The United Nations Sustainable Development Goal (SDG) 5 aims to “Achieve gender equality and empower all women and girls. Empowering women and promoting gender equality is crucial to accelerating sustainable development. Ending all forms of discrimination against women and girls is not only a basic human right, but it also has a multiplier effect across all other development areas”.
One of these development areas is Education. In the Philippines, gender issues remain a practice of “tokenism” in schools and improvements still need to be done to ensure safe and gender-fair learning environment.
In terms of participation in basic education, girls and boys are given equal chances with almost the same percentage share. However, curriculum and learning materials that promote gender sensitiveness and fairness persist to be a challenge in the education system.
Furthermore, the issue of unsafe learning environment contributes to drop-out cases in schools. The 2015 National Baseline Study on Violence Against Children found that 80% of Filipino youths have experienced violence and 14% of students in schools have experienced corporal punishment.
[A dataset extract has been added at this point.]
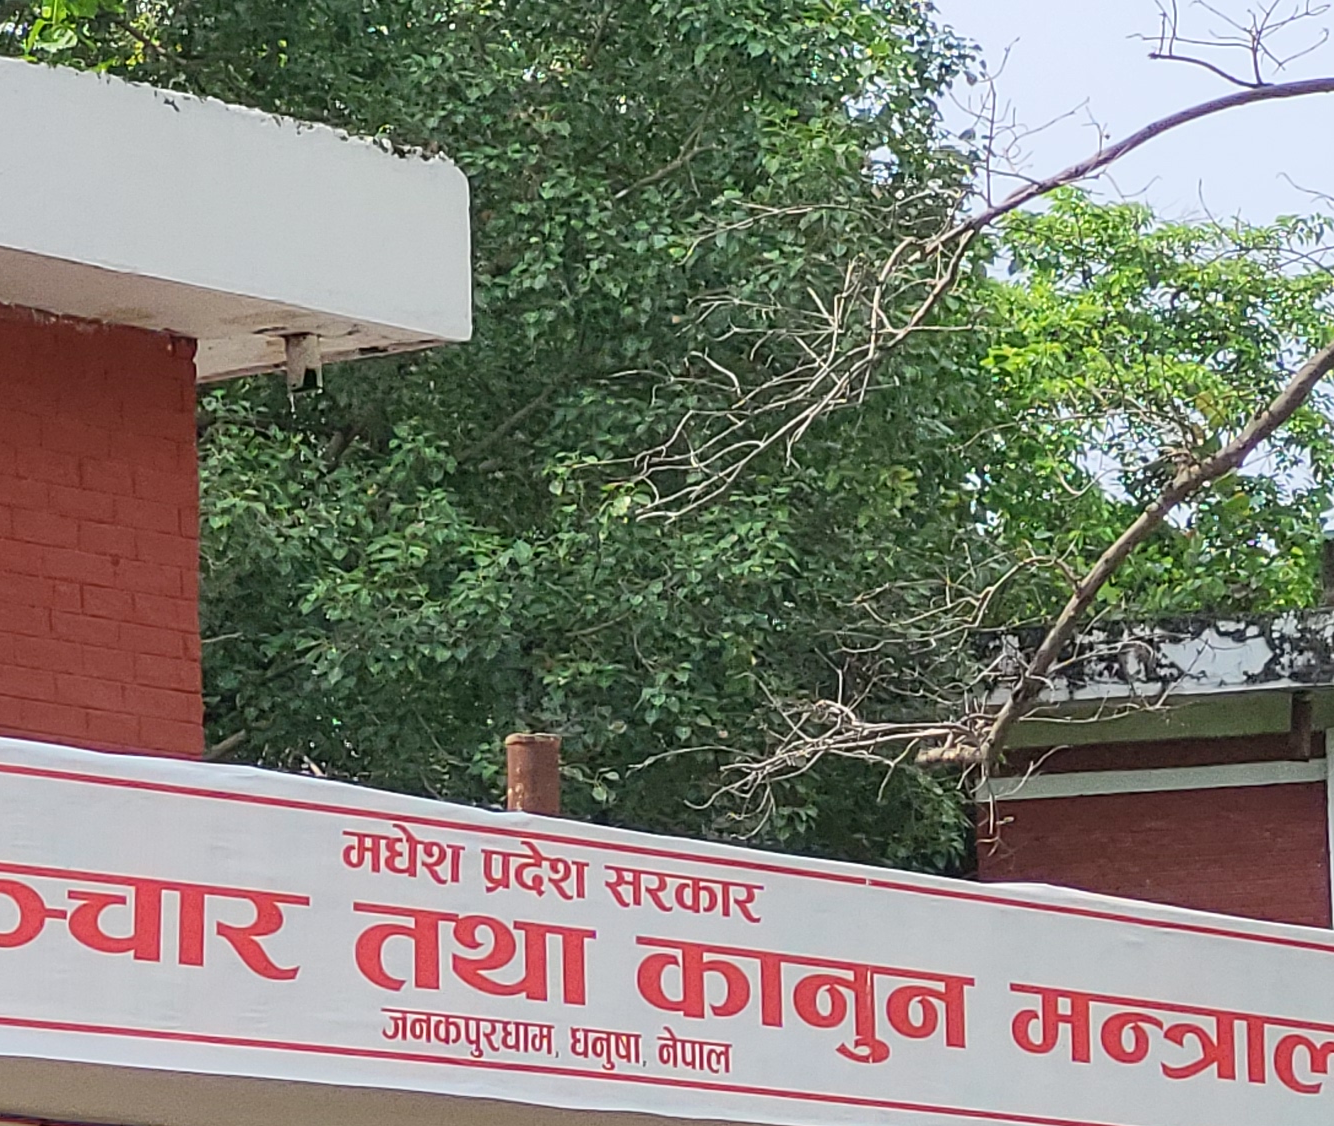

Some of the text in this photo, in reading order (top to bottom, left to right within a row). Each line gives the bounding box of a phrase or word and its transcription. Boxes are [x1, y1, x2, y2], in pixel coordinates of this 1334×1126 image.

Overall, there is an increasing violence among girls because of early marriages and teen pregnancies. Bullying lesbian, gay, bisexual, transgender, and queer/questioning (LGBTQ) in schools because of gender insensitiveness among teachers and students is also a contributing factor to prevailing violence.
Raising awareness on gender equality in education among the school administrators, curriculum developers and writers, teaching and non-teaching personnel, parents and students, and involving them in identifying actions on how to realize it, are important steps in gender mainstreaming. Promoting gender equality empowers women and girls.
On this Women’s Month, the Civil Society for Education Reforms Network or E-Net Philippines calls on education duty bearers to:
Review and assess the curriculum towards gender-responsive education and develop gender-sensitive learning materials in terms of definition of concepts, interpretation of facts and events, meaning-making, usage of language and images/illustrations, and in employing activities.
Conduct continuing gender education to all education stakeholders. Integrate issues of social class, culture, ethnicity, age, and sexual orientation.
Implement gender-receptive School Improvement Plan (SIP) and school policies. Provide equal opportunity to all students regardless of gender in participating to school activities. Observe everyone’s right to gender-fair learning environment.
Promote gender balance in educational opportunity that matches with needs of industry and agriculture and equality of professions in the labor markets.
Develop policies that will encourage better balance of men and women in recruitment, teacher education, conditions of work or in the status of teaching as a career to be able to recruit new teachers or encourage other teachers to remain in the teaching profession;
Address the human rights framework and gender content of teacher education from the pre-service and in the in-service professional development of teachers.
Implement the Magna Carta for Public School Teachers (RA 4670) from a gender perspective.
“Edukasyong Ligtas, Sapat, Karapat-dapat at Para sa Lahat!.”